Vitor Hugo Oliveira Simonin, filho do agora ex-gestor José Carlos Simonin, é um dos foragidos pelo crime ocorrido contra uma adolescente de 17 anos.
A Secretaria de Estado de Desenvolvimento Social e Direitos Humanos do Rio de Janeiro confirmou a exoneração de José Carlos Simonin, subsecretário de Governança, Compliance e Gestão Administrativa, nesta terça-feira (3). A decisão ocorre após a revelação de que o filho do gestor, Vitor Hugo Oliveira Simonin, é um dos réus no caso de estupro coletivo contra uma jovem de 17 anos em Copacabana.
Em nota oficial, a pasta informou que a medida administrativa visa “resguardar a integridade institucional e assegurar a condução responsável dos fatos”. Até o momento, José Carlos Simonin não se manifestou publicamente sobre a saída do cargo.
O Crime e a Investigação
O caso, investigado pela 12ª DP (Copacabana), aconteceu no dia 31 de janeiro em um apartamento na Rua Ministro Viveiros de Castro. Segundo o inquérito:
- A vítima foi atraída ao local por um ex-namorado adolescente.

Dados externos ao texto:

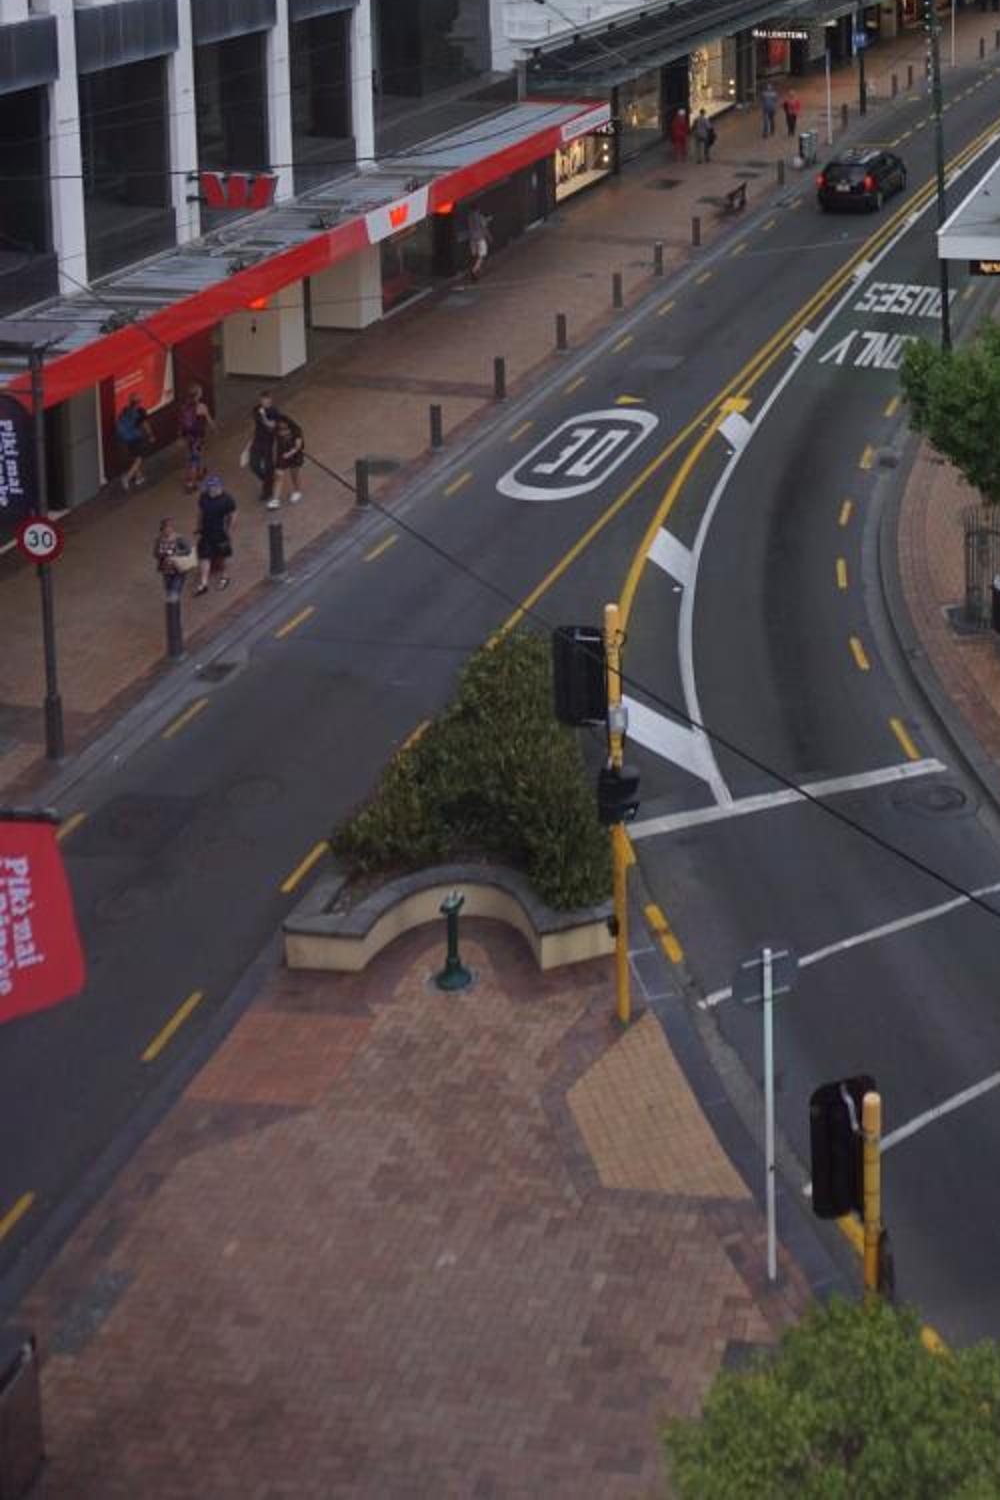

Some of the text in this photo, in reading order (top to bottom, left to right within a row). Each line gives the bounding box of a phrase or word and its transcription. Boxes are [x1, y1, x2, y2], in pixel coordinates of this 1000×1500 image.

- No imóvel, quatro homens e o menor de idade participaram da agressão.
- A jovem relatou ter sido forçada a atos sexuais sob violência física, incluindo tapas, socos e um chute no abdômen, sendo impedida de deixar o quarto.

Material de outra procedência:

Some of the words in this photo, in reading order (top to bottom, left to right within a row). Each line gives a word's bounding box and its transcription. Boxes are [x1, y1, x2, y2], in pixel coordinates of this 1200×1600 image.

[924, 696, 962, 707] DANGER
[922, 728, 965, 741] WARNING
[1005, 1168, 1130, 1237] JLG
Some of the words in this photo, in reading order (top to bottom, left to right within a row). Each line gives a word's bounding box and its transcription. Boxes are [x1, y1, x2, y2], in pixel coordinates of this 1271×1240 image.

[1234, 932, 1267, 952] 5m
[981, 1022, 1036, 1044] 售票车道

A Polícia Civil identificou cinco autores no total, um deles adolescente.
O pedido de prisão dos outros quatro suspeitos esbarrou inicialmente no plantão judiciário. A Polícia Civil solicitou as prisões e mandados de busca ainda durante o plantão, mas o caso não foi considerado urgente naquele momento. O processo passou primeiro pela Vara de Violência Doméstica e, depois, foi encaminhado à vara especializada. As ordens de prisão foram expedidas apenas na última sexta-feira (27.02), cerca de 20 dias após o pedido inicial.

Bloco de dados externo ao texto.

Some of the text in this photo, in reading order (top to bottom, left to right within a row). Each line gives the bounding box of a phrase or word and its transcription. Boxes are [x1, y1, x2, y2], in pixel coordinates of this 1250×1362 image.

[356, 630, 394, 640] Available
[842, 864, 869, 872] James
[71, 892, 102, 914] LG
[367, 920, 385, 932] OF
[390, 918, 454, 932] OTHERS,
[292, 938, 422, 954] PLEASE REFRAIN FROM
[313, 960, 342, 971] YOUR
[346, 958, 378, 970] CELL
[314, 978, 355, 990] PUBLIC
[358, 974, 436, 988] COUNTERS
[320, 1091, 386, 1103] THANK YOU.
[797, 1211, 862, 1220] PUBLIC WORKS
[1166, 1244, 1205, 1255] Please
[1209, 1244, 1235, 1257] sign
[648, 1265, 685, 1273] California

Quando os mandados foram cumpridos, os suspeitos já não estavam em suas residências. De acordo com o delegado, dois deles se entregaram nesta terça-feira (03). enquanto Vitor Hugo Simonin e outro envolvido permanecem foragidos. A expectativa das autoridades é que os demais se apresentem até quarta-feira (4.03).
A apreensão dos celulares é considerada peça-chave na investigação, pois a polícia acredita que houve intensa troca de mensagens antes e depois do episódio.
IMAGENS REVELAM MOVIMENTAÇÃO APÓS CRIME EM COPACABANA.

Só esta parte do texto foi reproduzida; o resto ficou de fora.